O que faz com que uma música se case bem com sua letra?
Tenho sempre comigo alguns conceitos, que me ajudam na hora da necessidade, e diante do desafio de ser alguém que tenta escrever e compor.
É um casamento entre a letra e a música
E um bom casamento é aquele onde os indivíduos deixam de ser filho e filha, homem e mulher, e tornam-se ambos uma só carne. Inseparáveis. Assim é bom que seja com uma letra e uma música. Um nem precisa dizer o que quer, que o outro já entendeu. Um segue o outro o tempo todo. Se a melodia dá um clima de desfecho, a letra vai junto. Se é hora de falar sério, a música respeita. Se é hora de pular, a letra salta na frente.
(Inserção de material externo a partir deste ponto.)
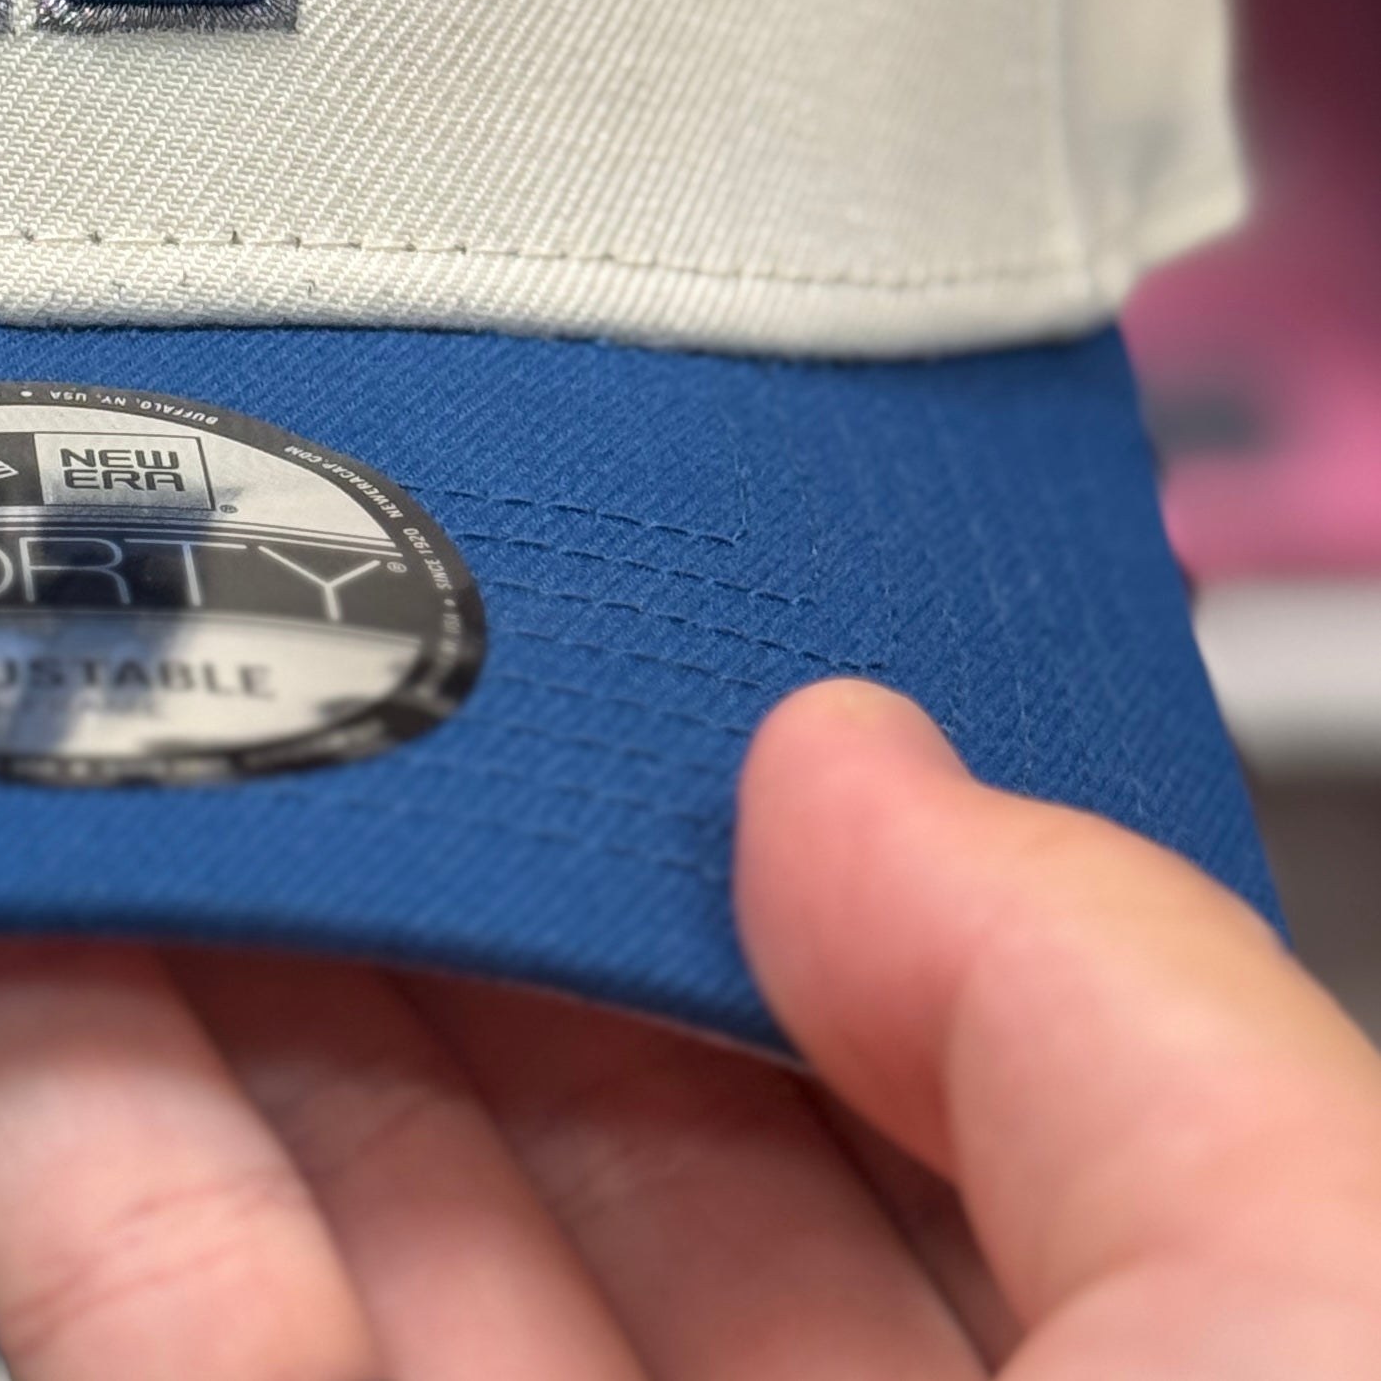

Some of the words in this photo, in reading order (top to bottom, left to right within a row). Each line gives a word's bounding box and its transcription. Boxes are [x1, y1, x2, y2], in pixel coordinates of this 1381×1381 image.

[49, 389, 87, 402] USA
[59, 447, 180, 469] NEW
[64, 469, 187, 492] ERA
[284, 445, 404, 519] NEWERACAP.COM
[402, 527, 434, 555] 1920
[424, 556, 454, 591] SINCE
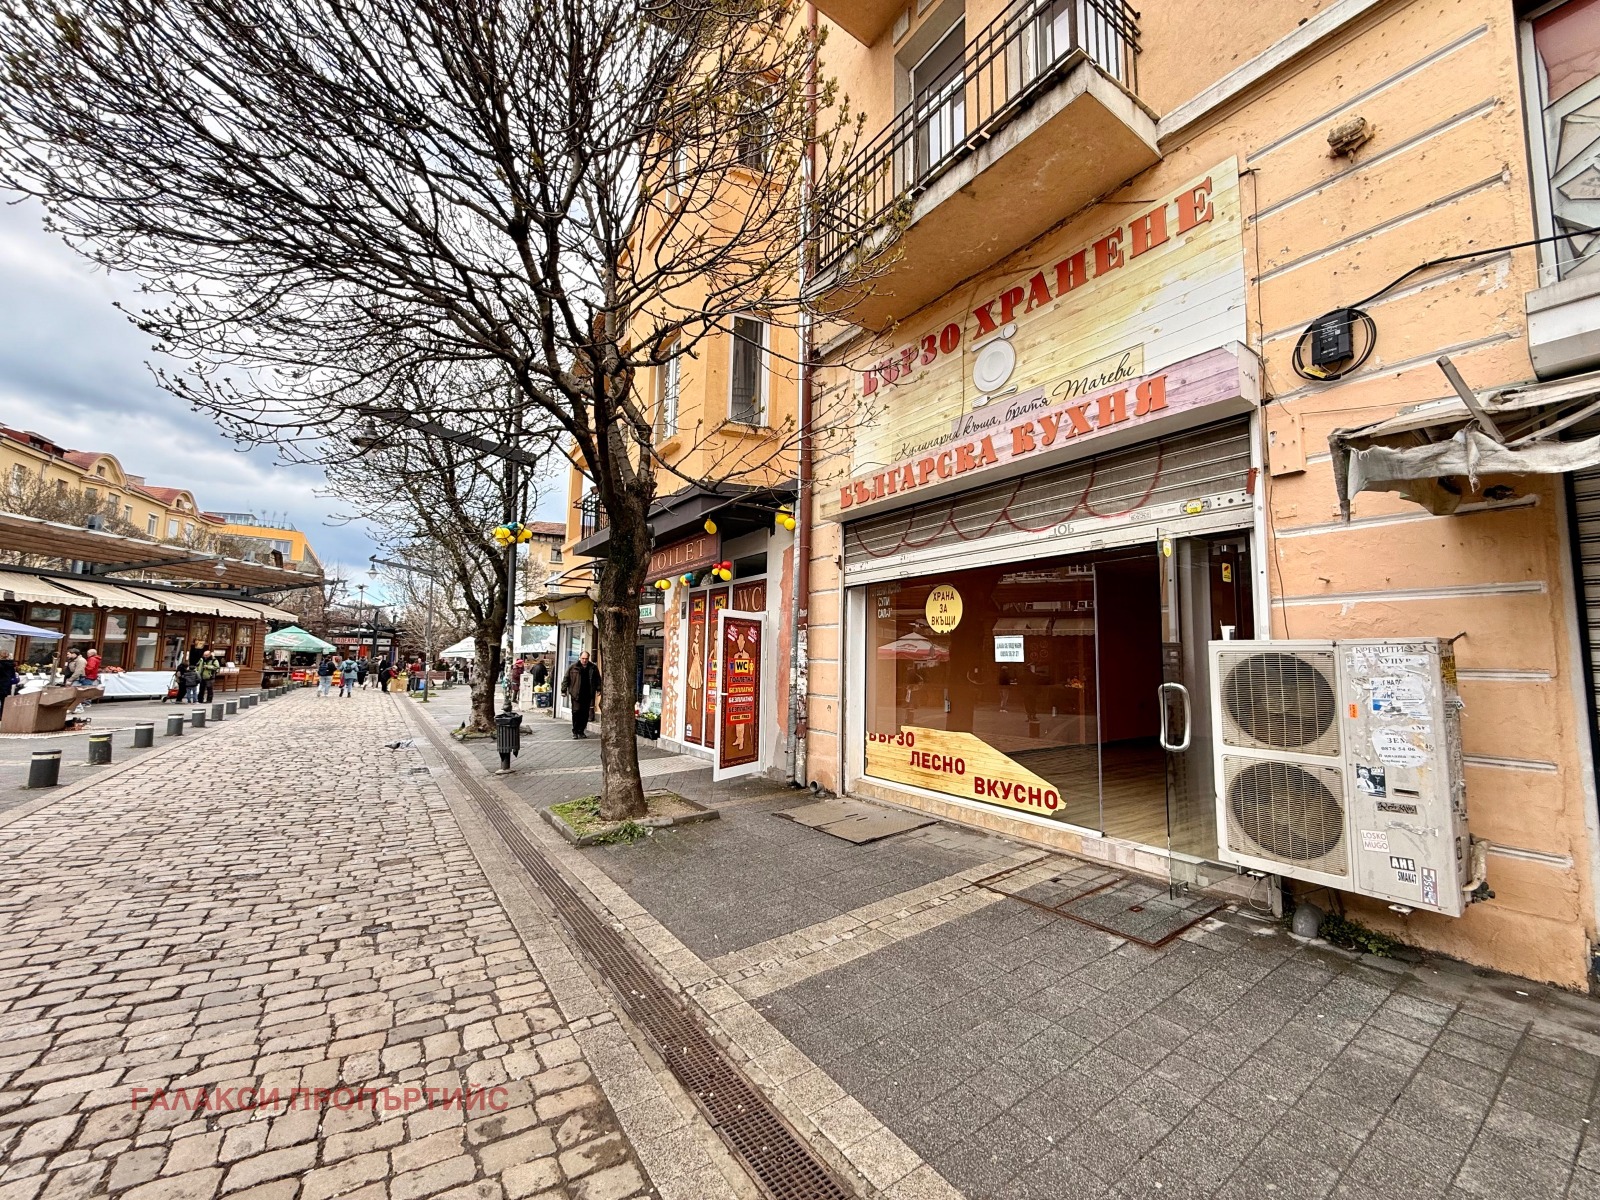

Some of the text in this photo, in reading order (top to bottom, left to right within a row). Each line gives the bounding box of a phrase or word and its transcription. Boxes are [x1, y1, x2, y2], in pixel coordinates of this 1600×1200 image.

[862, 175, 1214, 397] БЪРЗО ХРАНЕНЕ
[1005, 394, 1052, 421] братя
[1052, 352, 1136, 400] Тачеви
[840, 374, 1169, 510] БЪЛГАРСКА КУХНЯ
[651, 538, 706, 572] TOILET
[739, 587, 761, 611] WC
[932, 591, 955, 602] ХРАНА
[939, 603, 948, 613] ЗА
[931, 615, 956, 627] ВКЪЩИ
[736, 661, 748, 670] WC
[910, 751, 965, 775] ЛЕСНО
[974, 776, 1058, 810] ВКУСНО
[1362, 832, 1387, 841] LOSKO
[1364, 841, 1388, 850] MUGO
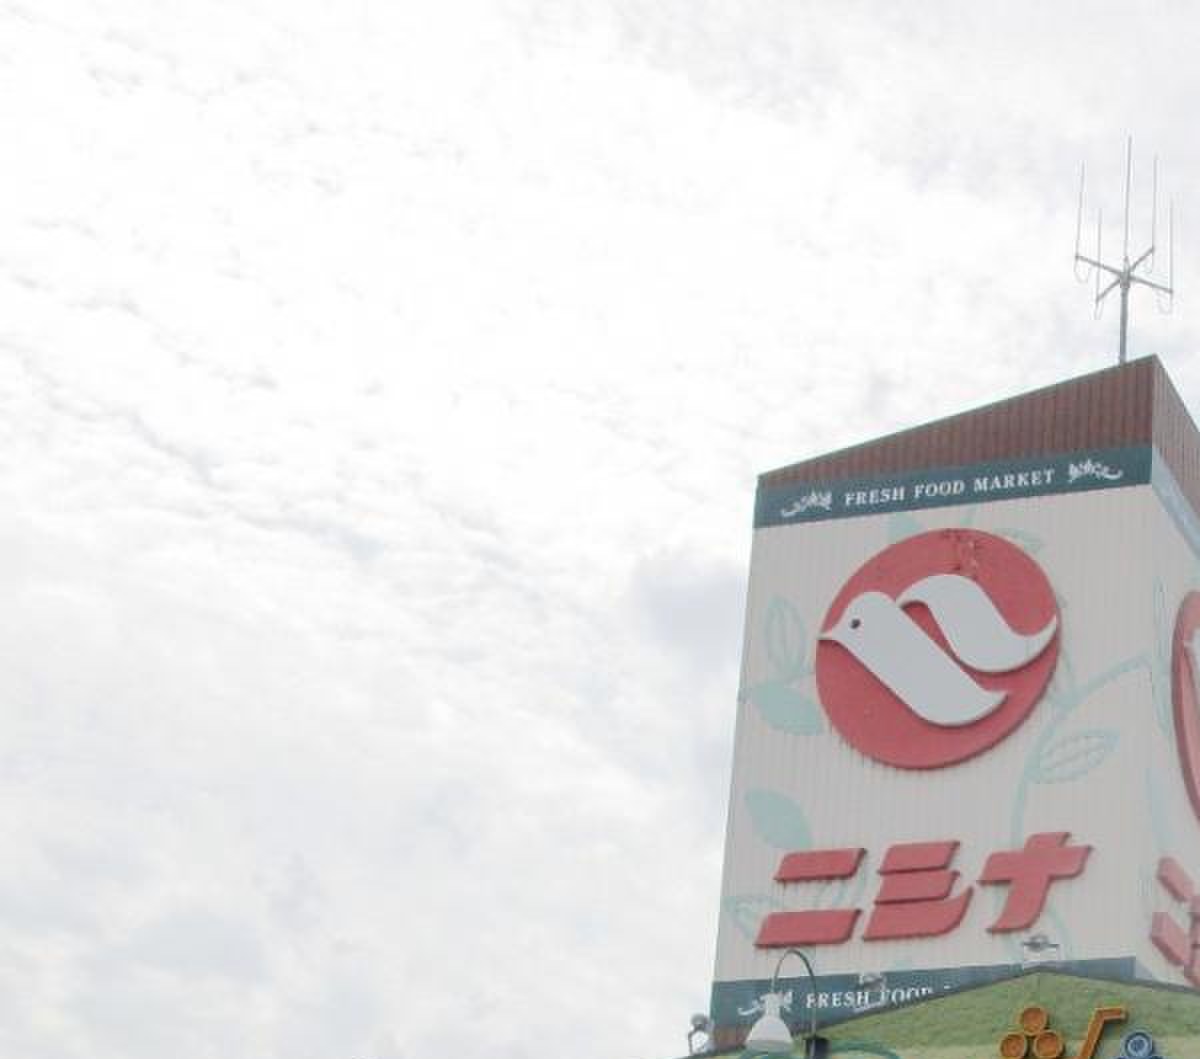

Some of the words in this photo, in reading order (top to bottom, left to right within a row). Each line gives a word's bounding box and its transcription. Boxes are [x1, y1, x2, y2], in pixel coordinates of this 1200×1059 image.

[844, 487, 905, 506] FRESH
[914, 480, 965, 498] FOOD
[974, 469, 1055, 492] MARKET
[754, 832, 1094, 948] ニシナ
[806, 991, 869, 1008] FRESH
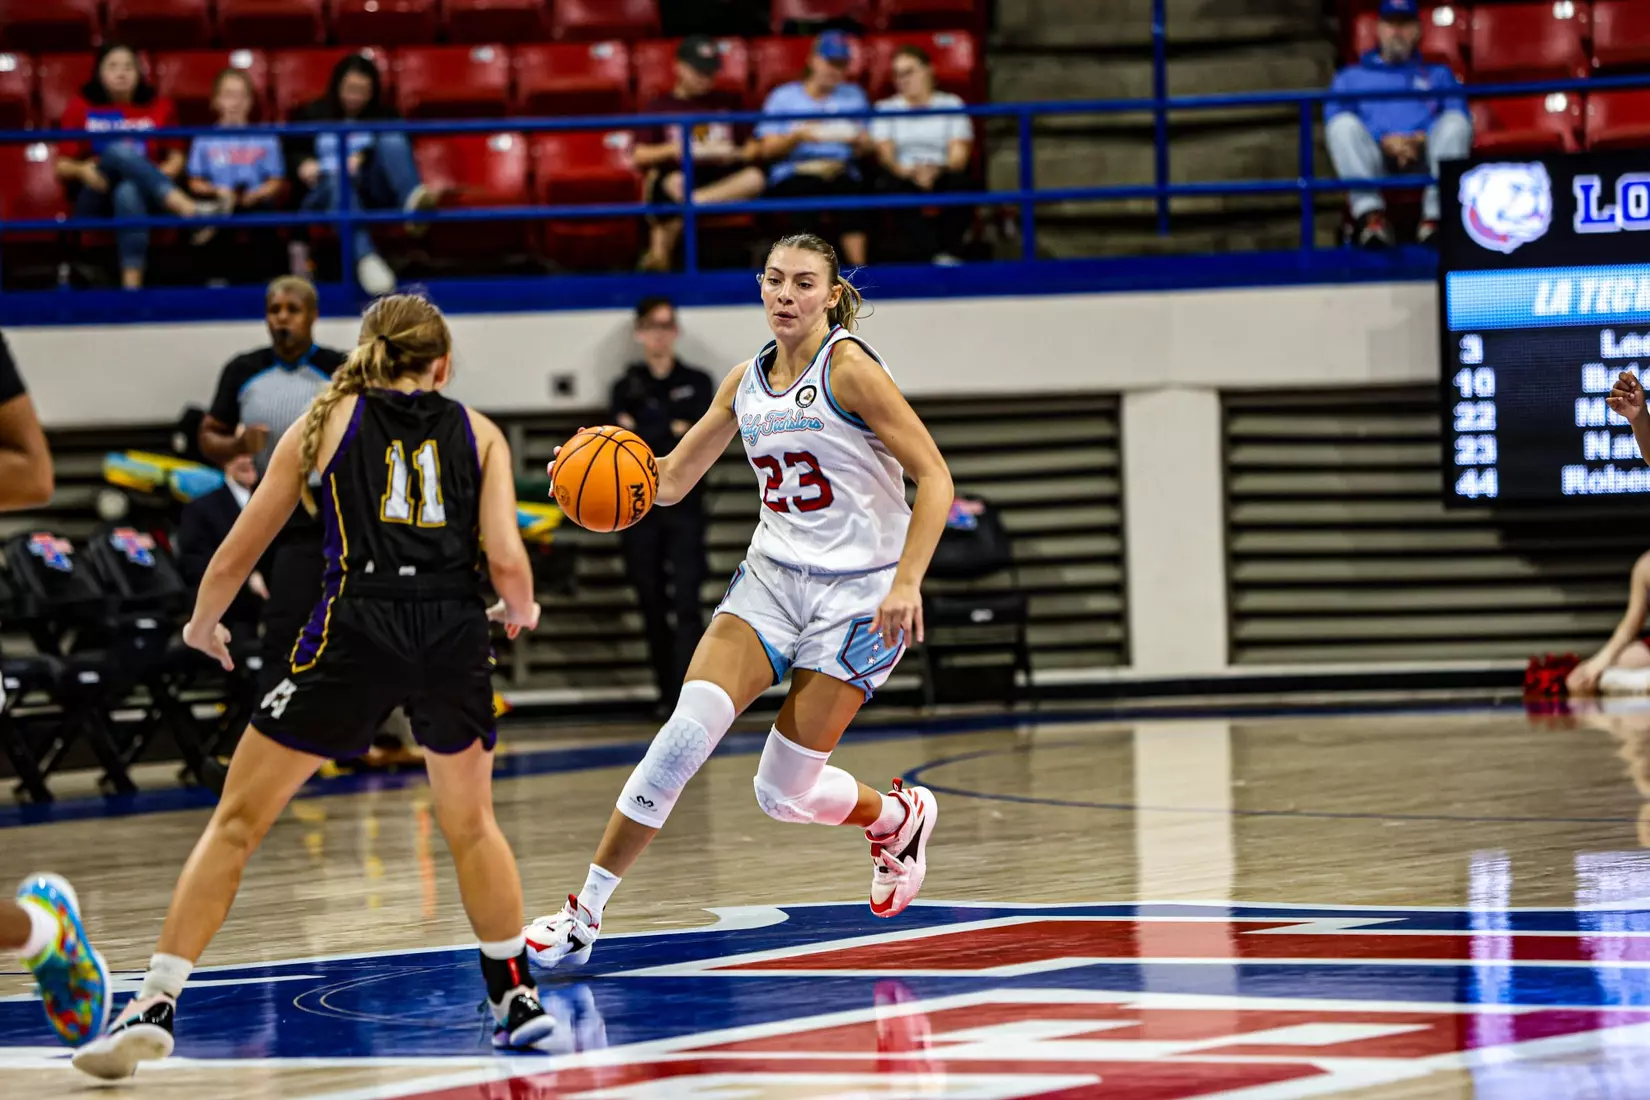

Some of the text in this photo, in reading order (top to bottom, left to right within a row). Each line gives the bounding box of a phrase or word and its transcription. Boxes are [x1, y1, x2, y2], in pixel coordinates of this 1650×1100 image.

[1534, 278, 1573, 316] LA
[1459, 334, 1483, 364] 3
[1454, 367, 1496, 397] 10
[760, 408, 824, 436] Techsters
[1455, 434, 1498, 465] 23
[380, 440, 446, 527] 11
[752, 451, 834, 512] 23
[1455, 467, 1498, 498] 44
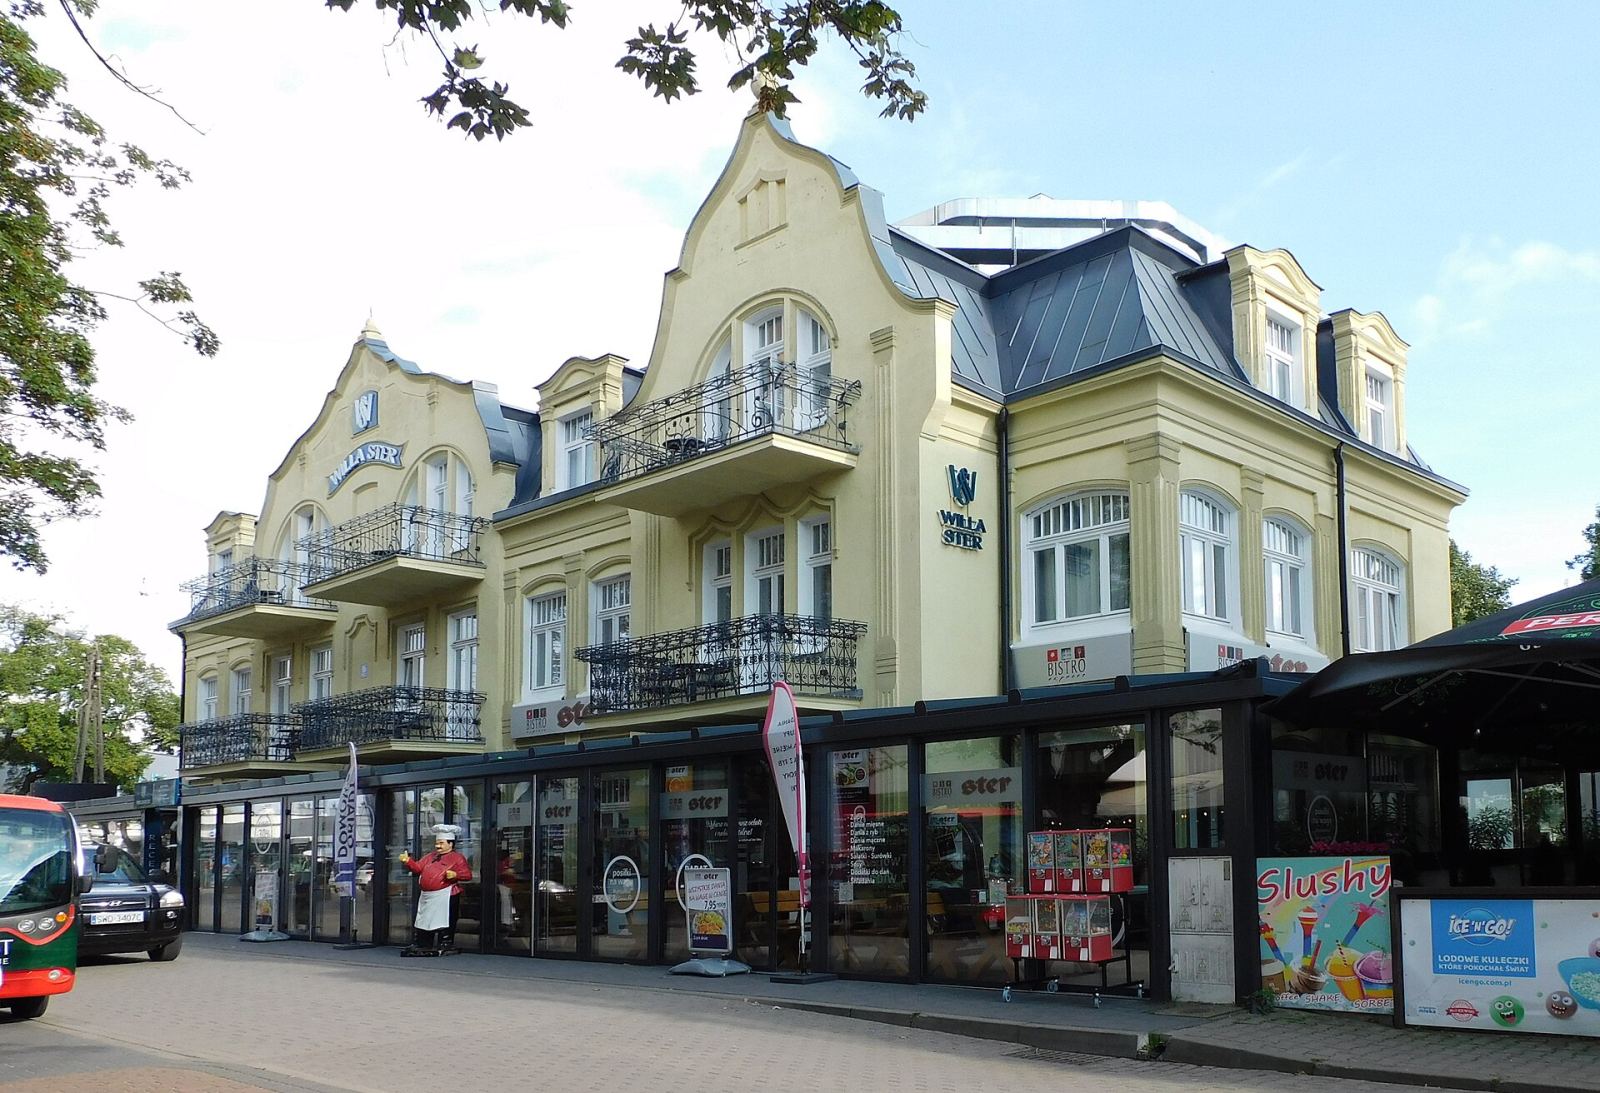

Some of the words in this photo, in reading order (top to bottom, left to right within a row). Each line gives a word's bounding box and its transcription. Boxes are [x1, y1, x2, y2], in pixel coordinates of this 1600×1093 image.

[329, 448, 365, 485] WILLA
[366, 444, 397, 464] STER
[937, 509, 987, 533] WILLA
[942, 529, 983, 550] STER
[1047, 659, 1086, 677] BISTRO
[1269, 653, 1309, 673] ter
[526, 717, 547, 731] BISTRO
[962, 776, 1012, 795] ster
[545, 804, 572, 819] ster
[688, 796, 723, 811] ster
[869, 828, 879, 837] ryb
[1257, 859, 1391, 904] Slushy
[1438, 954, 1479, 963] LODOWE
[1481, 956, 1529, 965] KULECZKI
[1463, 964, 1504, 972] POKOCHAŁ
[1505, 964, 1530, 973] ŚWIAT
[1458, 977, 1512, 988] icengo.com.pl
[1275, 992, 1300, 1001] offee
[1305, 992, 1342, 1004] SHAKE
[1353, 998, 1393, 1009] SORBE
Exemplos? Vamos a alguns clássicos da MPB
(Águas de Março, Tom Jobim)
é pau, é pedra, é o fim do caminho
É o resto do toco, é um pouco sozinho
é o caco de vidro, é a vida, é o sol,
É a noite, é a morte, é o laço, é o anzol 


(e indo mais para o meio da canção)

É o projeto da casa, é o corpo na cama,
é o carro enguiçado, é a lama, é a lama
É um passo, uma ponte, é um sapo, é uma rã,
é um resto de mato na luz da manhã
São as águas de março fechando o verão
é a promessa de vida no teu coração
A melodia obedece a um padrão descritiva, falando do fim do verão, uma época de chuvas e cheia de rios, enchentes, etc. E o que faz a letra? Fica o tempo todo descrevendo o ambiente, em uma pulsação poética onde as palavras parecem pingar como a chuva. A letra quase que faz a gente sentir o cheiro de terra molhada, ouvir o som da chuva. Coisa de mestre.
Outra?
Toada (Zé Renato, Cláudio Nucci e Juca)
Vem morena ouvir comigo essa cantiga
Sair por essa vida aventureira
Tanta toada eu trago na viola
Prá ver você mais feliz
Escuta o trem de ferro alegre a cantar
Na reta da chegada prá descansar
No coração sereno da toada, bem querer
Tanta saudade eu já senti, morena
Mas foi coisa tão bonita
Da vida, nunca vou me arrepender
Morena, ouve comigo essa cantiga
Sair por essa vida aventureira
Tanta toada eu trago na viola
Prá ver você mais feliz
Uma letra dessas jamais poderia ser um funk ou um rock. É uma toada melódica, chorada, sentida, que dá todo o respaldo para o que o fulano quer dizer pra sua morena.
Quem se casa com quem?
A letra com a música. Não é o letrista com o compositor. O letrista e o compositor estão mais para os sogros e pais. Ajudam, trabalham, suam e investem, mas não vão morar junto, não.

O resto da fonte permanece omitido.